_Dataset extract_:
· · · ·

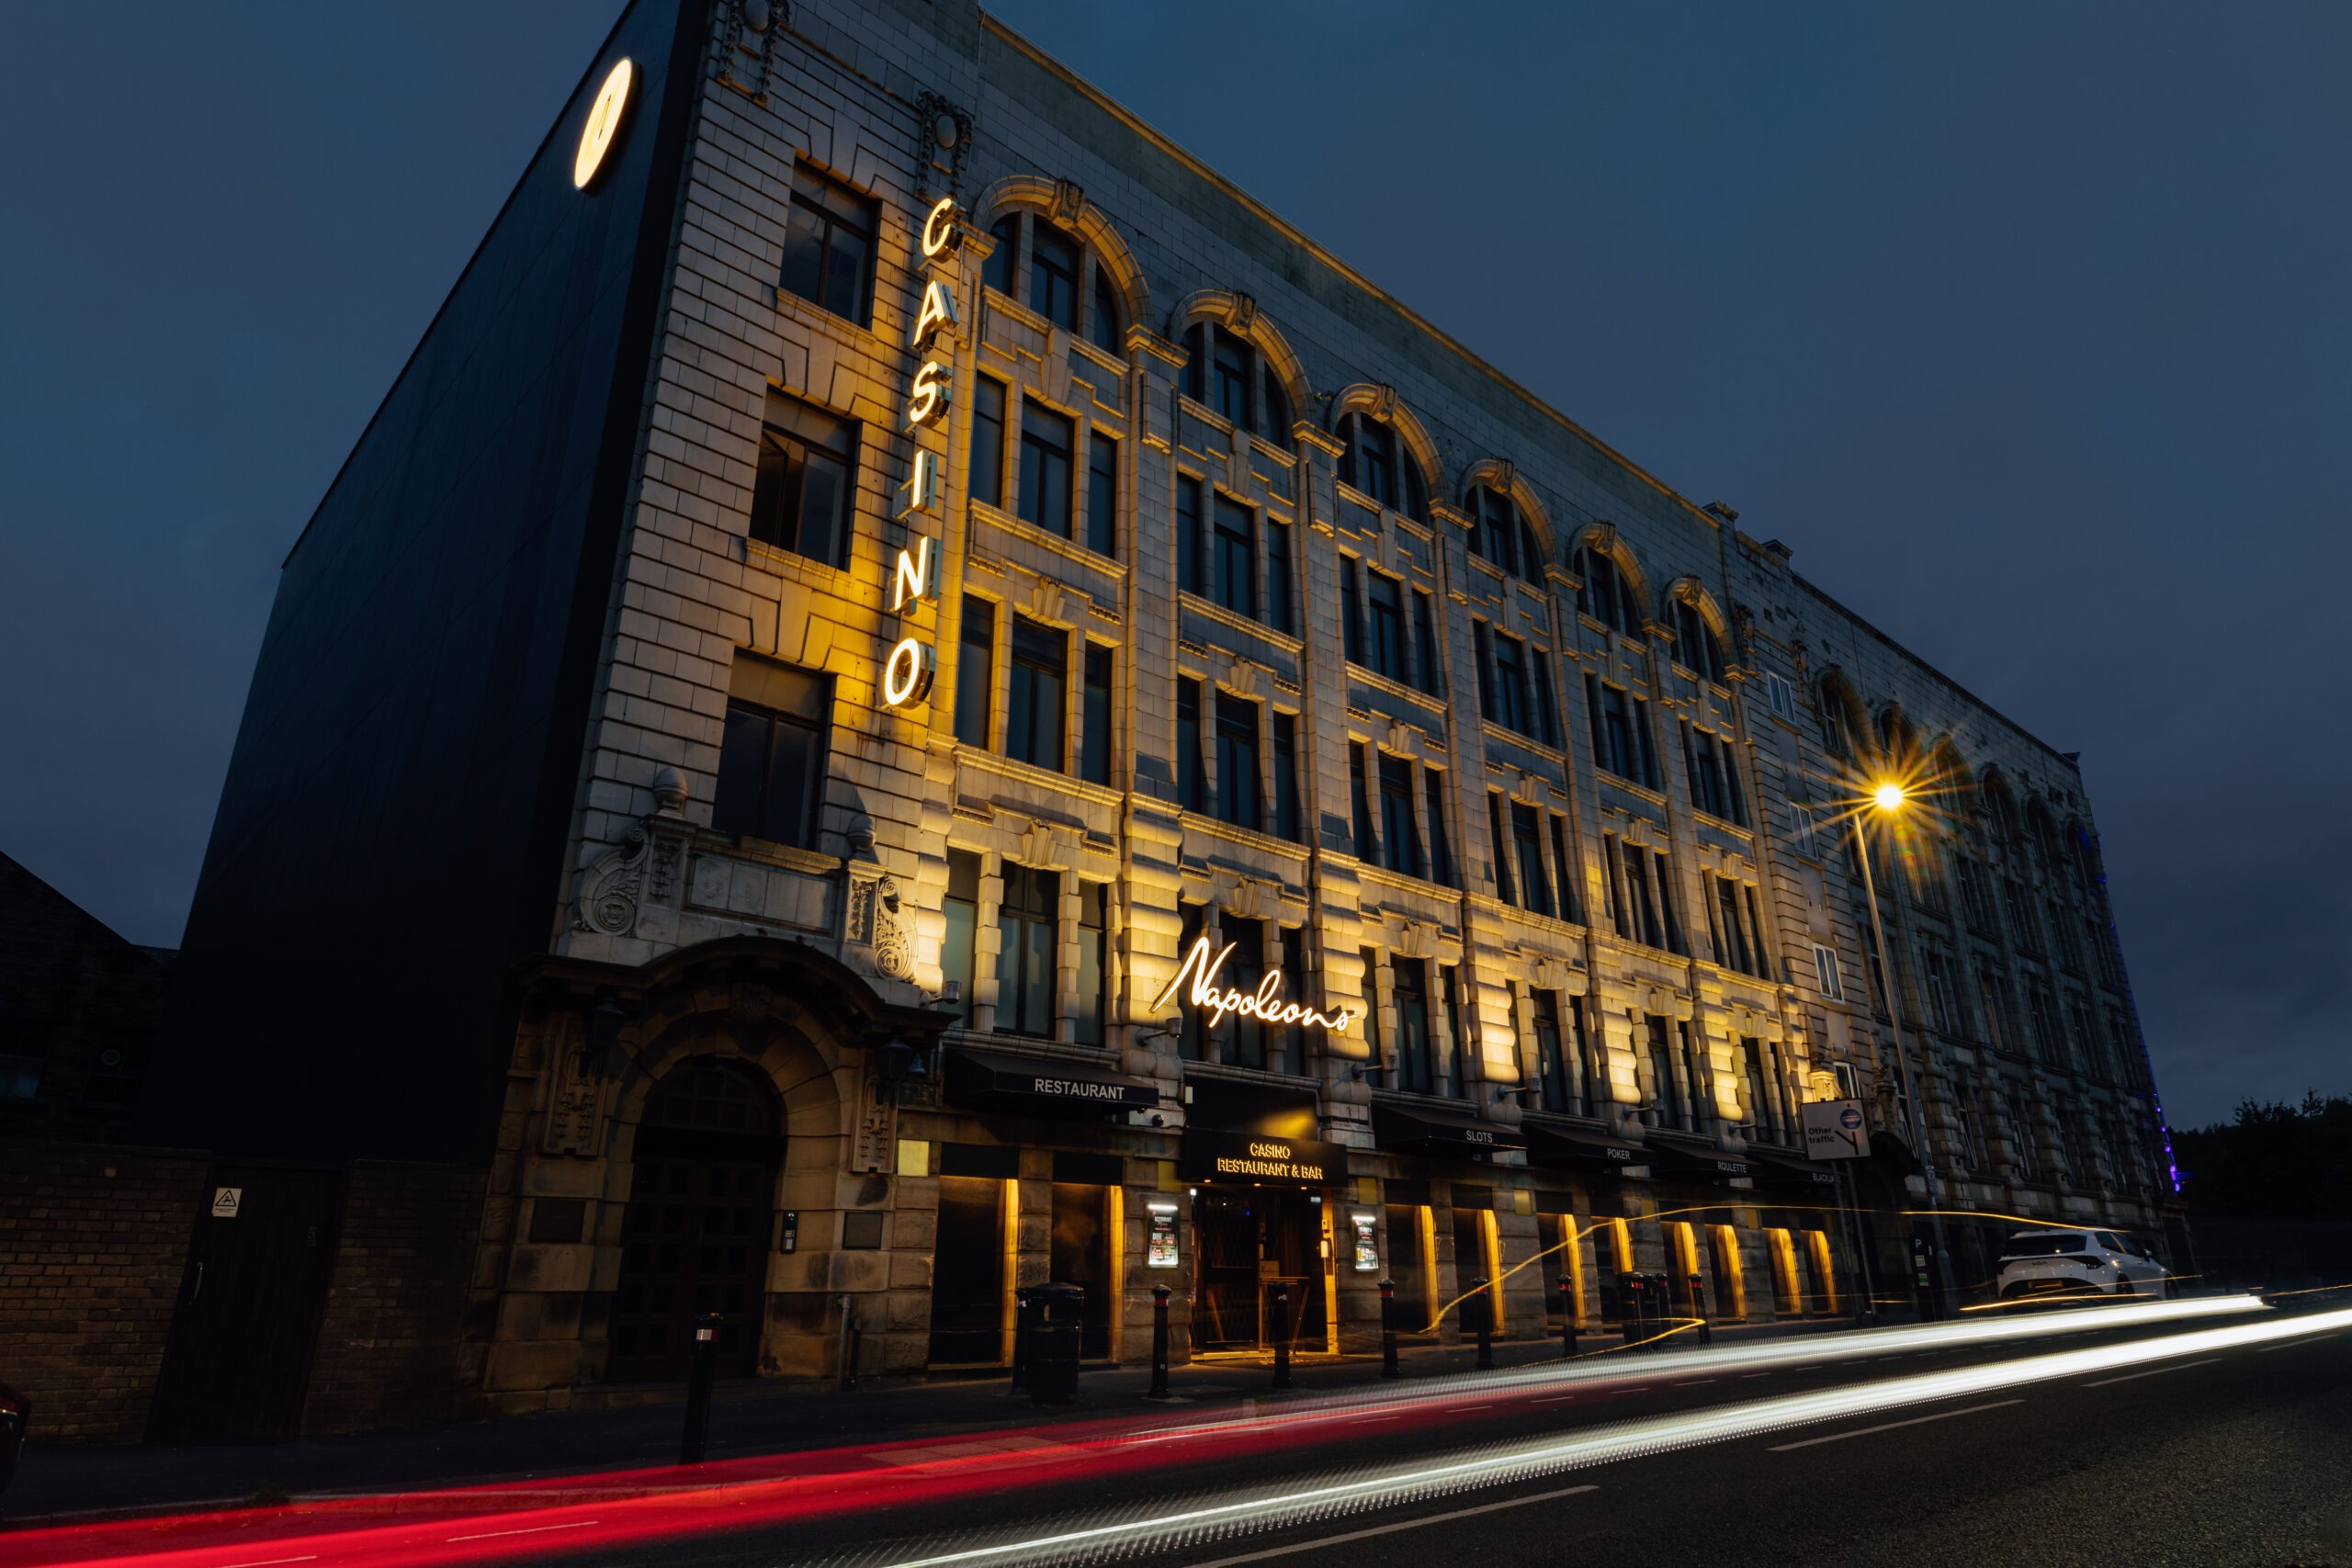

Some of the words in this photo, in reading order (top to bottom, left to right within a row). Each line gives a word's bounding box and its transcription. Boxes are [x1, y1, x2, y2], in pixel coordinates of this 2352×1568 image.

[884, 197, 957, 707] CASINO
[1149, 936, 1358, 1032] Napoleons
[1035, 1077, 1125, 1100] RESTAURANT
[1465, 1130, 1493, 1144] SLOTS
[1808, 1127, 1832, 1135] Other
[1809, 1135, 1835, 1145] traffic
[1250, 1142, 1291, 1159] CASINO
[1607, 1147, 1631, 1161] POKER
[1217, 1157, 1290, 1177] RESTAURANT
[1291, 1164, 1300, 1178] &
[1301, 1166, 1324, 1180] BAR
[1717, 1160, 1747, 1174] ROULETTE
[1915, 1238, 1922, 1249] P

· · · ·

_Exercise goal_: The pictures stay out; everything else in the records above must be repeated exactly.

_Written answer_:
Some of the words in this photo, in reading order (top to bottom, left to right within a row). Each line gives a word's bounding box and its transcription. Boxes are [x1, y1, x2, y2], in pixel coordinates of this 2352×1568 image.

[884, 197, 957, 707] CASINO
[1149, 936, 1358, 1032] Napoleons
[1035, 1077, 1125, 1100] RESTAURANT
[1465, 1130, 1493, 1144] SLOTS
[1808, 1127, 1832, 1135] Other
[1809, 1135, 1835, 1145] traffic
[1250, 1142, 1291, 1159] CASINO
[1607, 1147, 1631, 1161] POKER
[1217, 1157, 1290, 1177] RESTAURANT
[1291, 1164, 1300, 1178] &
[1301, 1166, 1324, 1180] BAR
[1717, 1160, 1747, 1174] ROULETTE
[1915, 1238, 1922, 1249] P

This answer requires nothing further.